---- SOURCE DATA
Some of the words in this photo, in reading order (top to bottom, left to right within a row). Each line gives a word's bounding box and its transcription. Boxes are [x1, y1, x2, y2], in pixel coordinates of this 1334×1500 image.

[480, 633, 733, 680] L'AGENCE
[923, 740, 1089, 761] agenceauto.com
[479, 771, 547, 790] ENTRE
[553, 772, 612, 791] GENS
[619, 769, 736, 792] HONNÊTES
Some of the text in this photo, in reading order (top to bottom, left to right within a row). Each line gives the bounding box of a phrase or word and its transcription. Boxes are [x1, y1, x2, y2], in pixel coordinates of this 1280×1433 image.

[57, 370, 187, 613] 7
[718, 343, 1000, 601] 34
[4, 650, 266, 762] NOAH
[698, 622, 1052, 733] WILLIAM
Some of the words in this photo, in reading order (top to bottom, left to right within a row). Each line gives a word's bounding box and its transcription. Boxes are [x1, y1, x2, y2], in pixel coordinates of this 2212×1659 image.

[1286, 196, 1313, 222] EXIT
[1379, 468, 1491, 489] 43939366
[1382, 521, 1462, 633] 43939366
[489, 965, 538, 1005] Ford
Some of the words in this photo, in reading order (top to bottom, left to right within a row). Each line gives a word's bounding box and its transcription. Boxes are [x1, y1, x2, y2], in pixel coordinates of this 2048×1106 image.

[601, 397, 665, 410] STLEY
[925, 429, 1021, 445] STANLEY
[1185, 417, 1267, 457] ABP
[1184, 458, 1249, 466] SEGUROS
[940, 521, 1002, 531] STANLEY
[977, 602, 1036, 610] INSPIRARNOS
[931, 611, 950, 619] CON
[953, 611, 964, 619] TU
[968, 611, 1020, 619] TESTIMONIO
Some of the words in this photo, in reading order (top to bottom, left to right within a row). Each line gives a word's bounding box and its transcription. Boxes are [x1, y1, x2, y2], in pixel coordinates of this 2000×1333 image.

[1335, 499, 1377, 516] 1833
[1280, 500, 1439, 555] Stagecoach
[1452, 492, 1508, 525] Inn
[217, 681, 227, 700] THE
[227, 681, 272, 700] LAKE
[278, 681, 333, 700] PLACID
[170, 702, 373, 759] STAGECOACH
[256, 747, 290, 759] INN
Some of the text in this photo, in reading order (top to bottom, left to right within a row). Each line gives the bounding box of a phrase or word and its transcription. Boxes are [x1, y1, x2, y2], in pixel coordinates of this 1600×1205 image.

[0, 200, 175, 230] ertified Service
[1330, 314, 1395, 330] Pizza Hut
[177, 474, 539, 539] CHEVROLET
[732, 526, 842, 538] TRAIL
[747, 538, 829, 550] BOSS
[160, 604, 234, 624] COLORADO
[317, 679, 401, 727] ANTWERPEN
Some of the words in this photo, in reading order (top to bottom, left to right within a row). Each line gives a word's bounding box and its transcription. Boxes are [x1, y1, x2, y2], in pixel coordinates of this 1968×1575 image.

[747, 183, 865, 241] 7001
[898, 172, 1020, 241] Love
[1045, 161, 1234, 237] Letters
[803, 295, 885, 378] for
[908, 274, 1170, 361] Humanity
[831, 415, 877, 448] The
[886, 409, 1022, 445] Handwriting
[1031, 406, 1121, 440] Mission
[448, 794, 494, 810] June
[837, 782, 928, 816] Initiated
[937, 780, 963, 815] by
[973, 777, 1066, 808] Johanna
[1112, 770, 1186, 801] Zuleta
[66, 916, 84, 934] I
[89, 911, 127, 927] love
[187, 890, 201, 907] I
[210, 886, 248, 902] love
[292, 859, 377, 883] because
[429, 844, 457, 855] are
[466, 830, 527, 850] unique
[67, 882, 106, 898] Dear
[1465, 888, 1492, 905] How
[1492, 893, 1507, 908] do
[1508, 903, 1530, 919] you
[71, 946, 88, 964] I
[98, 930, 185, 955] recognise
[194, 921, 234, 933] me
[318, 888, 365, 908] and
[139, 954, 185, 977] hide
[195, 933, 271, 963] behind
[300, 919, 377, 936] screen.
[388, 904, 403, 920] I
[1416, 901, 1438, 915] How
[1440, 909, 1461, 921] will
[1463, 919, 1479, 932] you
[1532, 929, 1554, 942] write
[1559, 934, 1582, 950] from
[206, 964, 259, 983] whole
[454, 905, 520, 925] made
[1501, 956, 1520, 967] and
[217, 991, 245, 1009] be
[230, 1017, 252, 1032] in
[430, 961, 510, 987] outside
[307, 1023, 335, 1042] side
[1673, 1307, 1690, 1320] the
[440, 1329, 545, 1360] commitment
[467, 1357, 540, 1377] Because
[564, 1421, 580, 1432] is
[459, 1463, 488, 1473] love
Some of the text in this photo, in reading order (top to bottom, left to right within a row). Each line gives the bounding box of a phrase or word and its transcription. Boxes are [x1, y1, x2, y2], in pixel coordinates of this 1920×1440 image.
--------
WORK TASK.
Transcribe each line of the listing above precisely as it appears.

ANSWER SECTION.
Some of the words in this photo, in reading order (top to bottom, left to right within a row). Each line gives a word's bounding box and its transcription. Boxes are [x1, y1, x2, y2], in pixel coordinates of this 1334×1500 image.

[480, 633, 733, 680] L'AGENCE
[923, 740, 1089, 761] agenceauto.com
[479, 771, 547, 790] ENTRE
[553, 772, 612, 791] GENS
[619, 769, 736, 792] HONNÊTES
Some of the text in this photo, in reading order (top to bottom, left to right within a row). Each line gives the bounding box of a phrase or word and its transcription. Boxes are [x1, y1, x2, y2], in pixel coordinates of this 1280×1433 image.

[57, 370, 187, 613] 7
[718, 343, 1000, 601] 34
[4, 650, 266, 762] NOAH
[698, 622, 1052, 733] WILLIAM
Some of the words in this photo, in reading order (top to bottom, left to right within a row). Each line gives a word's bounding box and its transcription. Boxes are [x1, y1, x2, y2], in pixel coordinates of this 2212×1659 image.

[1286, 196, 1313, 222] EXIT
[1379, 468, 1491, 489] 43939366
[1382, 521, 1462, 633] 43939366
[489, 965, 538, 1005] Ford
Some of the words in this photo, in reading order (top to bottom, left to right within a row). Each line gives a word's bounding box and its transcription. Boxes are [x1, y1, x2, y2], in pixel coordinates of this 2048×1106 image.

[601, 397, 665, 410] STLEY
[925, 429, 1021, 445] STANLEY
[1185, 417, 1267, 457] ABP
[1184, 458, 1249, 466] SEGUROS
[940, 521, 1002, 531] STANLEY
[977, 602, 1036, 610] INSPIRARNOS
[931, 611, 950, 619] CON
[953, 611, 964, 619] TU
[968, 611, 1020, 619] TESTIMONIO
Some of the words in this photo, in reading order (top to bottom, left to right within a row). Each line gives a word's bounding box and its transcription. Boxes are [x1, y1, x2, y2], in pixel coordinates of this 2000×1333 image.

[1335, 499, 1377, 516] 1833
[1280, 500, 1439, 555] Stagecoach
[1452, 492, 1508, 525] Inn
[217, 681, 227, 700] THE
[227, 681, 272, 700] LAKE
[278, 681, 333, 700] PLACID
[170, 702, 373, 759] STAGECOACH
[256, 747, 290, 759] INN
Some of the text in this photo, in reading order (top to bottom, left to right within a row). Each line gives the bounding box of a phrase or word and its transcription. Boxes are [x1, y1, x2, y2], in pixel coordinates of this 1600×1205 image.

[0, 200, 175, 230] ertified Service
[1330, 314, 1395, 330] Pizza Hut
[177, 474, 539, 539] CHEVROLET
[732, 526, 842, 538] TRAIL
[747, 538, 829, 550] BOSS
[160, 604, 234, 624] COLORADO
[317, 679, 401, 727] ANTWERPEN
Some of the words in this photo, in reading order (top to bottom, left to right within a row). Each line gives a word's bounding box and its transcription. Boxes are [x1, y1, x2, y2], in pixel coordinates of this 1968×1575 image.

[747, 183, 865, 241] 7001
[898, 172, 1020, 241] Love
[1045, 161, 1234, 237] Letters
[803, 295, 885, 378] for
[908, 274, 1170, 361] Humanity
[831, 415, 877, 448] The
[886, 409, 1022, 445] Handwriting
[1031, 406, 1121, 440] Mission
[448, 794, 494, 810] June
[837, 782, 928, 816] Initiated
[937, 780, 963, 815] by
[973, 777, 1066, 808] Johanna
[1112, 770, 1186, 801] Zuleta
[66, 916, 84, 934] I
[89, 911, 127, 927] love
[187, 890, 201, 907] I
[210, 886, 248, 902] love
[292, 859, 377, 883] because
[429, 844, 457, 855] are
[466, 830, 527, 850] unique
[67, 882, 106, 898] Dear
[1465, 888, 1492, 905] How
[1492, 893, 1507, 908] do
[1508, 903, 1530, 919] you
[71, 946, 88, 964] I
[98, 930, 185, 955] recognise
[194, 921, 234, 933] me
[318, 888, 365, 908] and
[139, 954, 185, 977] hide
[195, 933, 271, 963] behind
[300, 919, 377, 936] screen.
[388, 904, 403, 920] I
[1416, 901, 1438, 915] How
[1440, 909, 1461, 921] will
[1463, 919, 1479, 932] you
[1532, 929, 1554, 942] write
[1559, 934, 1582, 950] from
[206, 964, 259, 983] whole
[454, 905, 520, 925] made
[1501, 956, 1520, 967] and
[217, 991, 245, 1009] be
[230, 1017, 252, 1032] in
[430, 961, 510, 987] outside
[307, 1023, 335, 1042] side
[1673, 1307, 1690, 1320] the
[440, 1329, 545, 1360] commitment
[467, 1357, 540, 1377] Because
[564, 1421, 580, 1432] is
[459, 1463, 488, 1473] love
Some of the text in this photo, in reading order (top to bottom, left to right within a row). Each line gives the bounding box of a phrase or word and its transcription. Boxes are [x1, y1, x2, y2], in pixel coordinates of this 1920×1440 image.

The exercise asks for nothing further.